Hello @funkydan2 and Happy New Year!

I recently reviewed the deploy log of the Hugo Themes website and it seems that you have some insecure http:// URLs that are throwing warnings:

Here is the tentative list from the Netlify log:

In theme/alpha-church/posts/image-content/index.html:

Insecure img urls:
    http://via.placeholder.com/600x200
    http://via.placeholder.com/600x300
    http://via.placeholder.com/300x400#float-right
    http://via.placeholder.com/300x400#float-left
    http://via.placeholder.com/300x400

In theme/alpha-church/sermons/institutes-2-11/index.html:

Insecure source urls:
    http://ia801403.us.archive.org/29/items/institutes_christian_religion2_1003_librivox/institutesofchristianreligion2_11_calvin_64kb.mp3

In theme/alpha-church/sermons/table-talk-word-of-god-i/index.html:

Insecure source urls:
    http://www.archive.org/download/table_talk_martin_luther_1801_librivox/tabletalk_05_luther_128kb.mp3

Also here is the search results page for the string http:// from your theme's repo. Some of the results do not apply but I noticed that there are a couple of more insecure assets than the ones mentioned above.
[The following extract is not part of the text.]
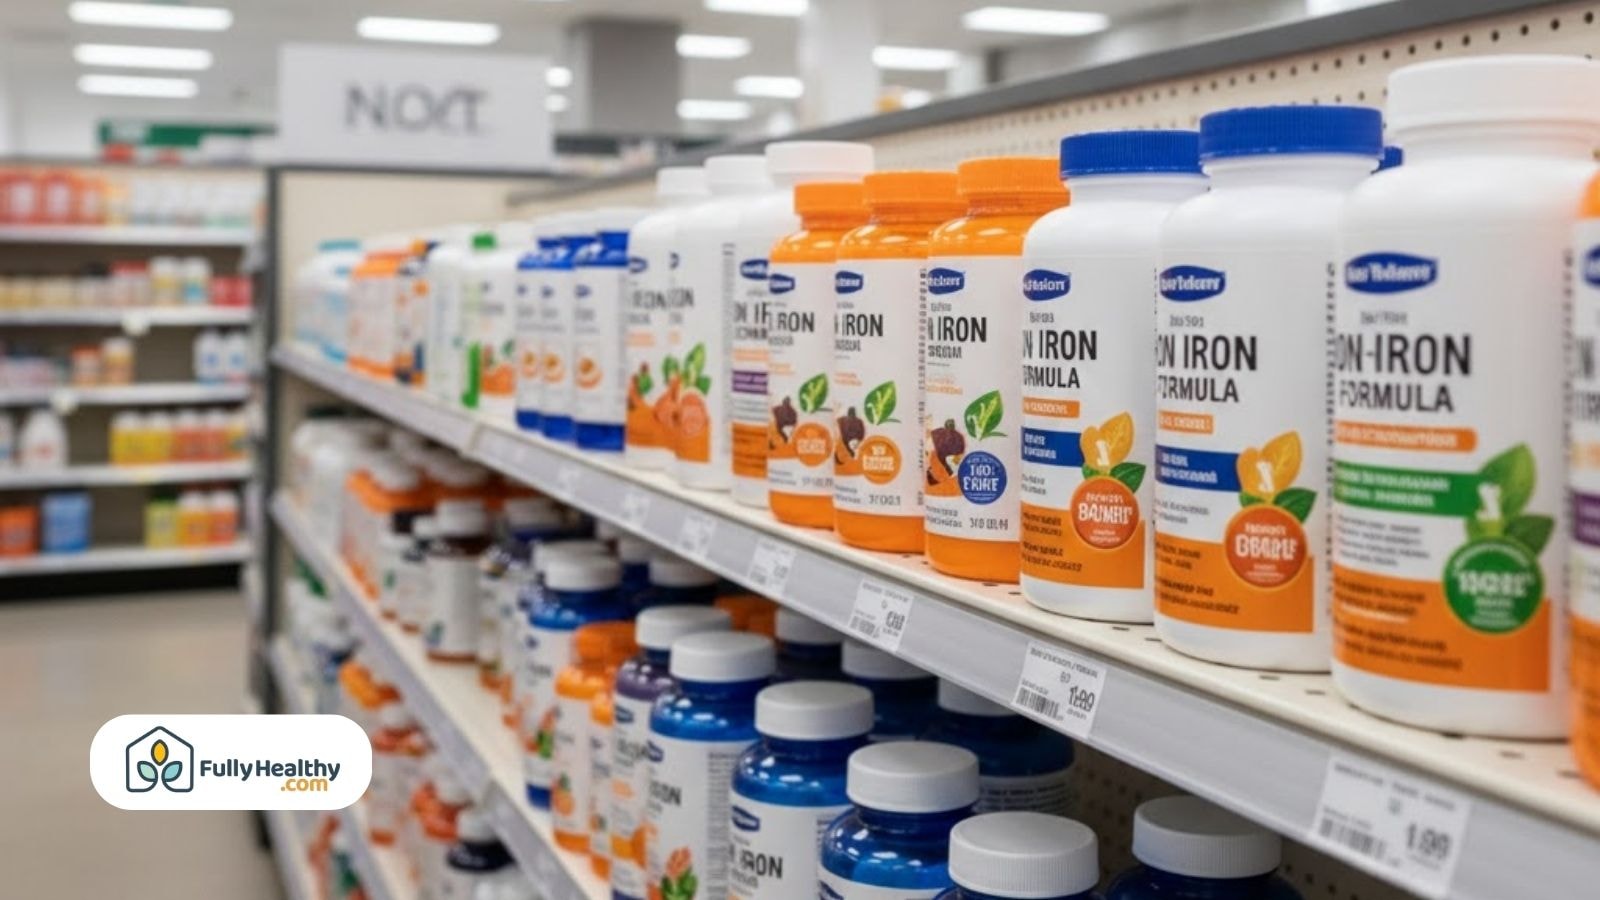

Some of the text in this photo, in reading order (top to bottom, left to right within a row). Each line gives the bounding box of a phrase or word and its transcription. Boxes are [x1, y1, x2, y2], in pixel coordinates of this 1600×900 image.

In most cases this is simply a matter of replacing http with https for example http://via.placeholder.com/600x200 is also available under https://via.placeholder.com/600x200

Can you please look into the above and let me know?

Thanks.

[funkydan2]

Thanks @onedrawingperday

I've reviewed the code and removed almost all the references to http - except for when they're in text, or when they refer to the hugo server (http://localhost:1313).

[onedrawingperday]

Thank you @funkydan2

If I see anything else in the deploy log I will let you know.